A gas occupies 10 liters at standard conditions. What volume will it occupy at 20 degrees celsius and 700 torr?
Use PV = nRT.
Convert torr to atm.
Convert C to Kelvin
To solve this problem, you can use the combined gas law equation, which relates the initial and final conditions of a gas. The combined gas law equation is:
(P1 * V1) / (T1) = (P2 * V2) / (T2),
where P1 and P2 are the initial and final pressures, V1 and V2 are the initial and final volumes, and T1 and T2 are the initial and final temperatures in Kelvin.

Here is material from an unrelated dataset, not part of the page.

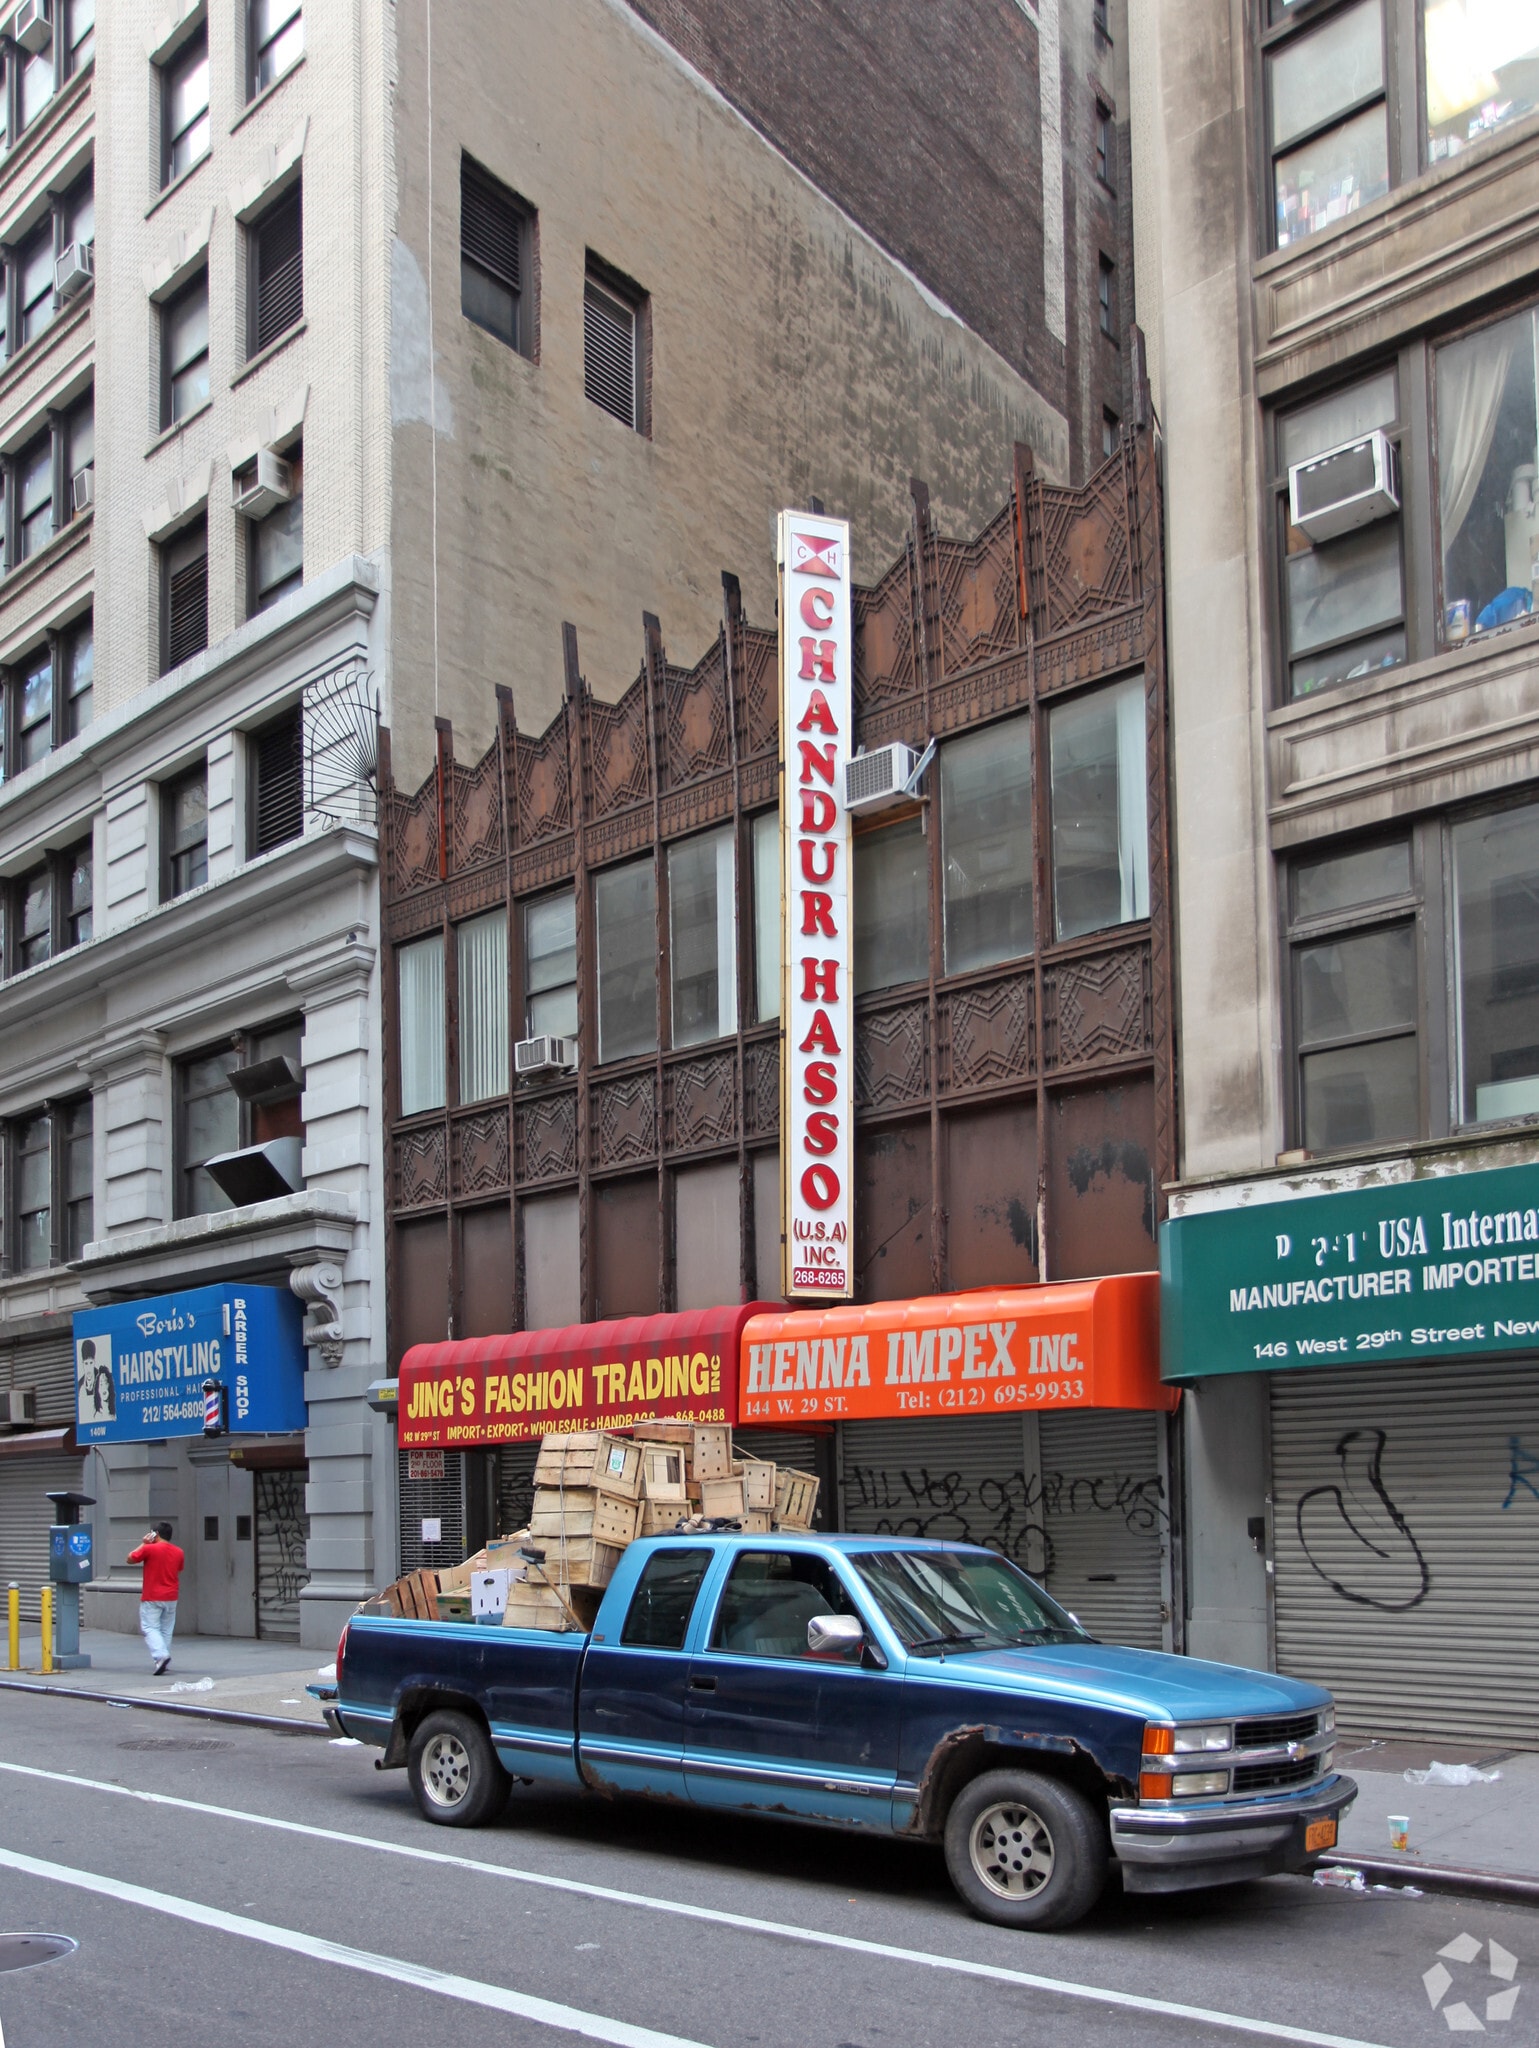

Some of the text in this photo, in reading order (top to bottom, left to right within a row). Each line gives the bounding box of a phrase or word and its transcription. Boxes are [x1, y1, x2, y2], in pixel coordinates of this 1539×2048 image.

First, let's convert the initial temperature from degrees Celsius to Kelvin by adding 273.15:
T1 = 20°C + 273.15 = 293.15 K.
Next, we need to convert the initial volume from liters to a standard unit, which is usually expressed as cubic meters (m³). Since 1 cubic meter is equal to 1000 liters, we can convert 10 liters to cubic meters:
V1 = 10 L * (1 m³ / 1000 L) = 0.01 m³.
Now, we can substitute the given values into the combined gas law equation:
(P1 * V1) / T1 = (P2 * V2) / T2,
where P1 is the standard pressure at standard conditions (1 atm or 760 torr), V1 is 0.01 m³, T1 is 293.15 K, P2 is 700 torr, and T2 is the final temperature in Kelvin.
Let's solve for V2:
(1 atm * 0.01 m³) / 293.15 K = (700 torr * V2) / T2.
Since we know that 1 atm is equivalent to 760 torr and we want to find V2, we can rearrange the equation to solve for V2:
V2 = (1 atm * 0.01 m³ * T2) / (760 torr).
Since T2 is 20°C + 273.15 = 293.15 K, we can substitute this value into the equation:
V2 = (1 atm * 0.01 m³ * 293.15 K) / (760 torr).
Simplifying the equation gives us the final volume:
V2 = (0.00013086519 m³ * K) / (torr).
Now, we just need to convert the volume from cubic meters to liters by multiplying by 1000:
V2 = 0.13086519 L.
Therefore, the gas will occupy approximately 0.13 liters at 20 degrees Celsius and 700 torr.